[Problem to work on]: Return the data below exactly as given, except for the images.

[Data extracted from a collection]
__________

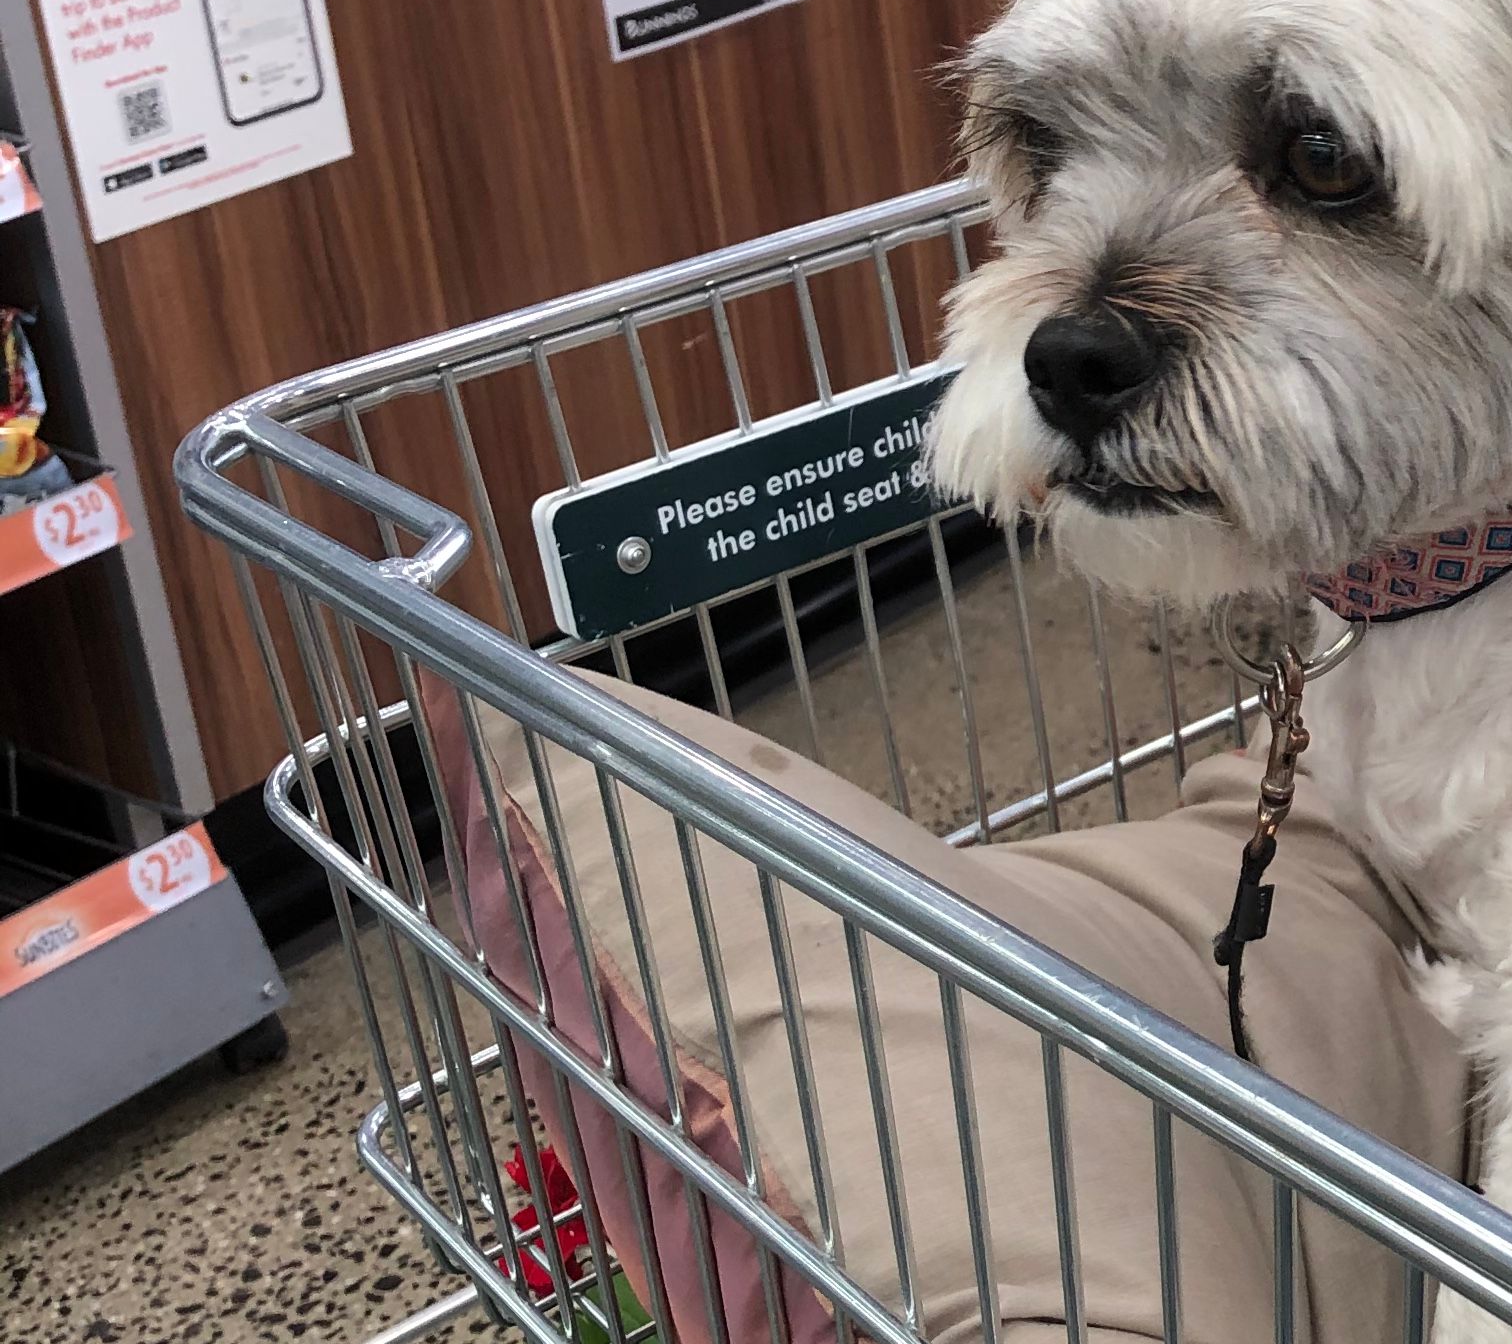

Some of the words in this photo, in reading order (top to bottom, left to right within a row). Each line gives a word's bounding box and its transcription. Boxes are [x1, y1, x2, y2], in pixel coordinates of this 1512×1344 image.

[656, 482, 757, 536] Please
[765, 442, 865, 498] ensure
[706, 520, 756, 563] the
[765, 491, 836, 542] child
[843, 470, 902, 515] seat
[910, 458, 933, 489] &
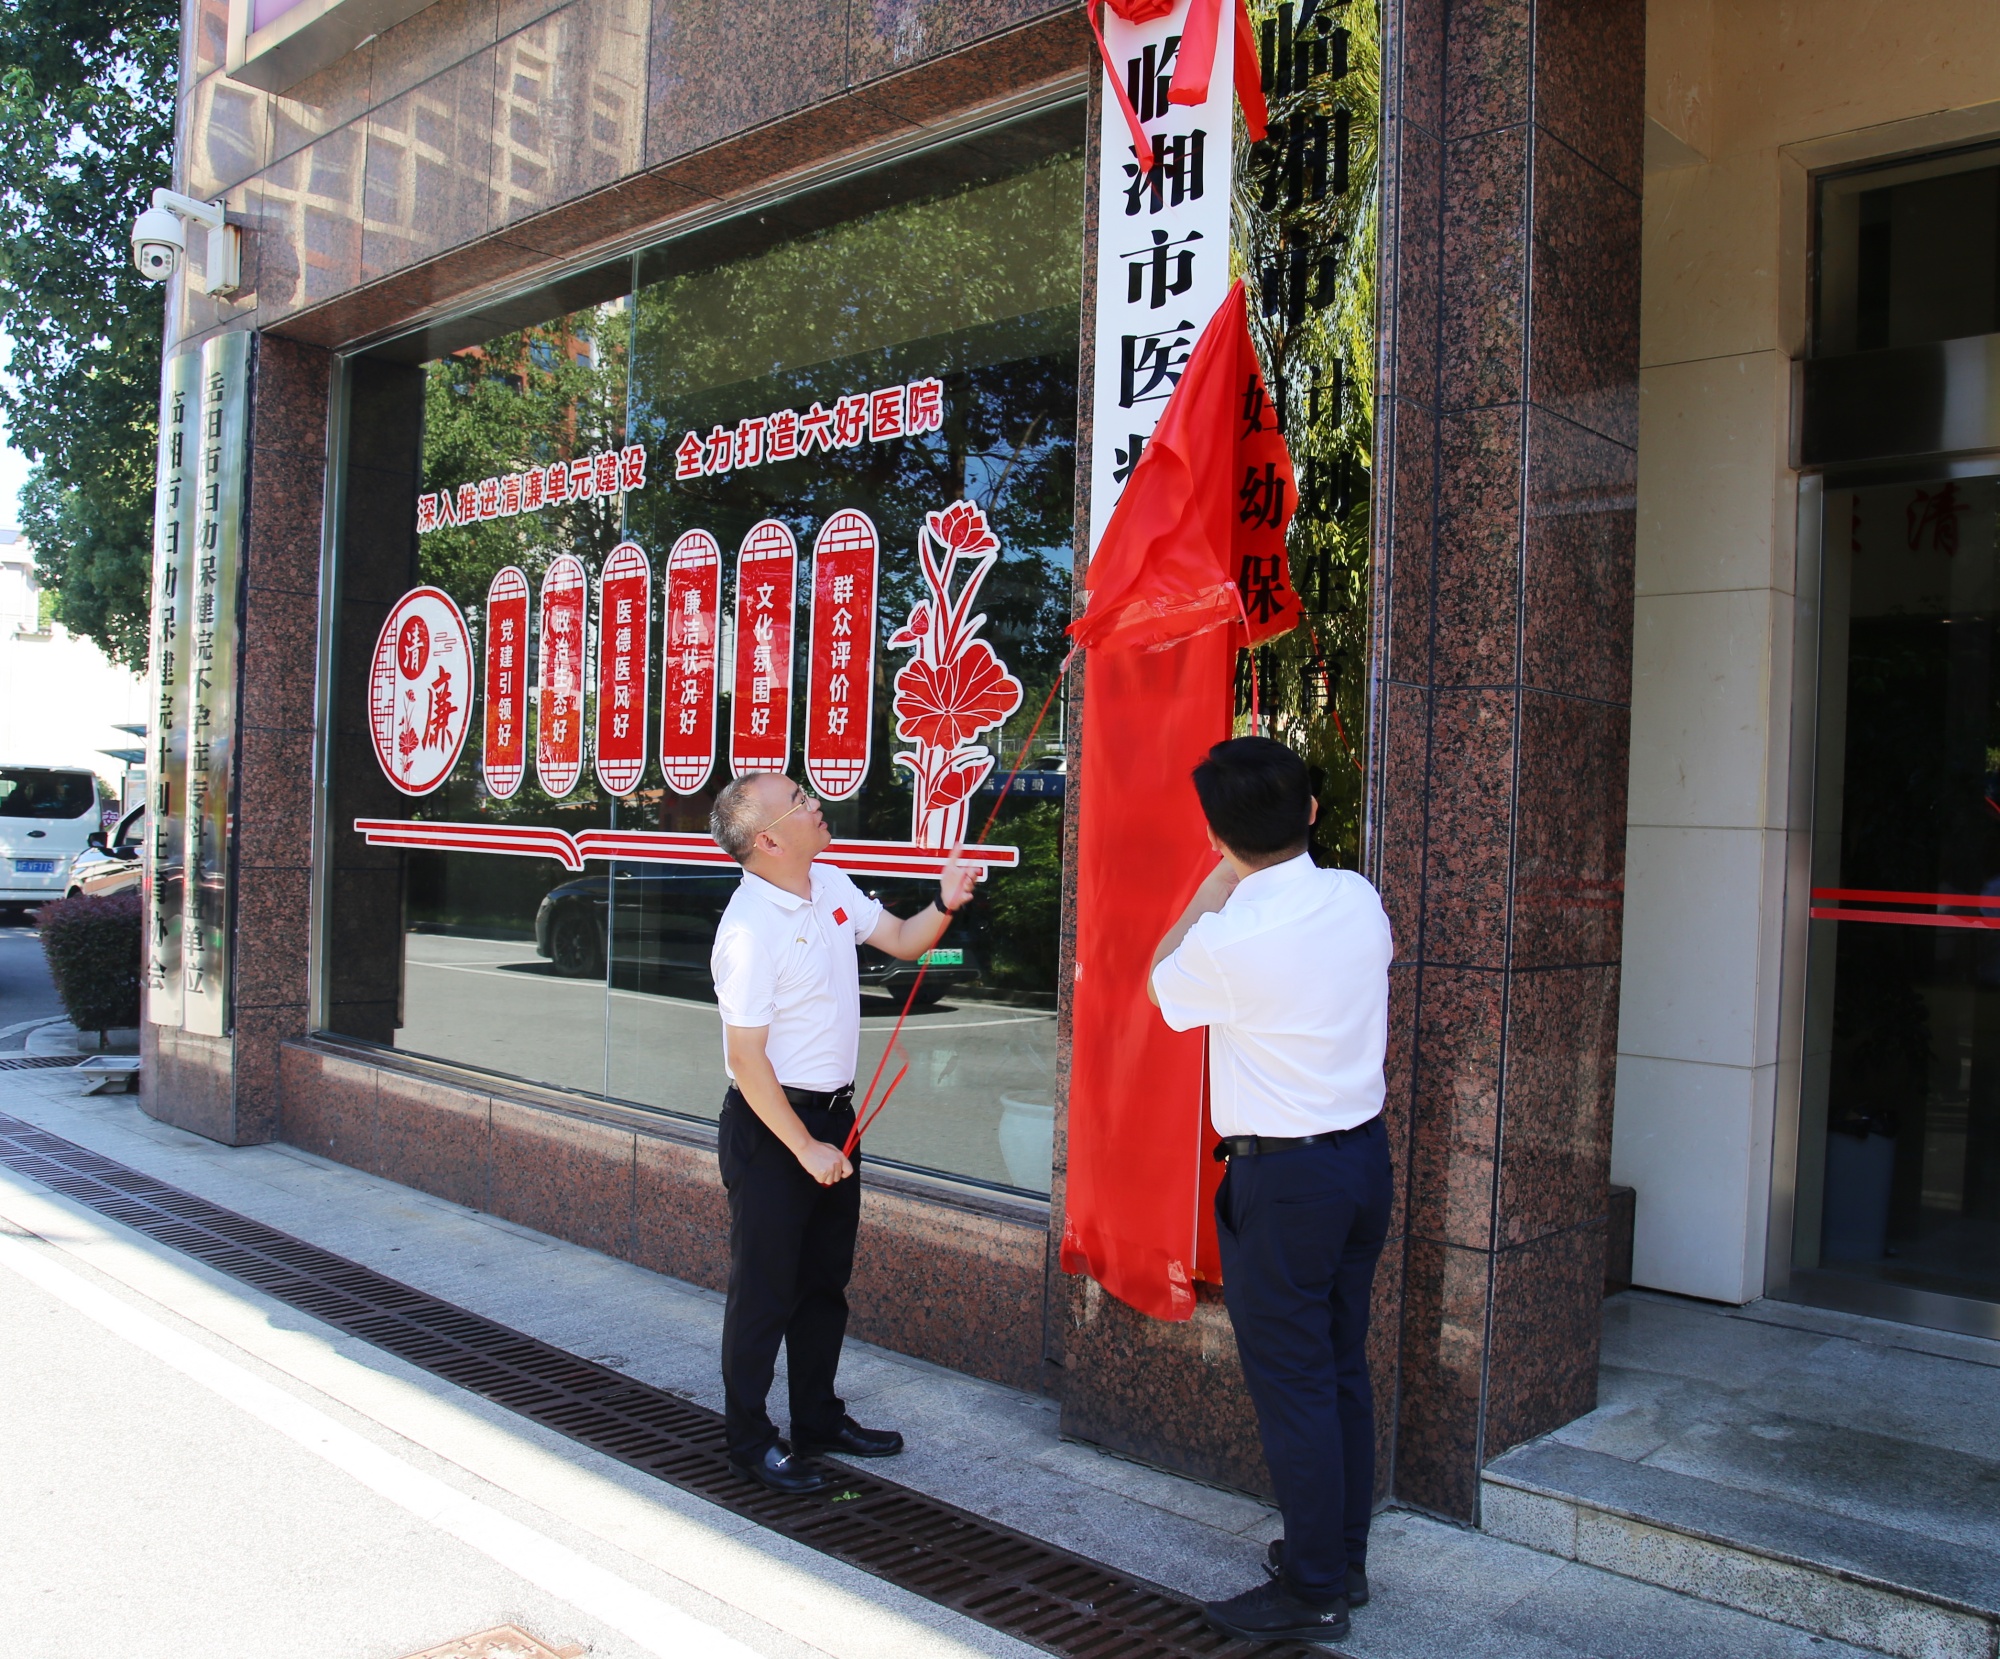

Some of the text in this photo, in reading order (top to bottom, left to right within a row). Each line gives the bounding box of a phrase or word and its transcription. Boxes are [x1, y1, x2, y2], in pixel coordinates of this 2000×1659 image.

__________

[Answer to this exercise]:
Some of the words in this photo, in reading order (top to bottom, left to right within a row). Each line gives a word's bounding box and its transcription. Boxes are [x1, y1, x2, y2], in pixel coordinates of this 1512×1344 image.

[656, 482, 757, 536] Please
[765, 442, 865, 498] ensure
[706, 520, 756, 563] the
[765, 491, 836, 542] child
[843, 470, 902, 515] seat
[910, 458, 933, 489] &

Some of the text in this photo, in reading order (top to bottom, left to right within a row). Each line gives the bounding box of a phrase or word and its transcription. Boxes are [x1, y1, x2, y2], in pixel coordinates of this 2000×1659 image.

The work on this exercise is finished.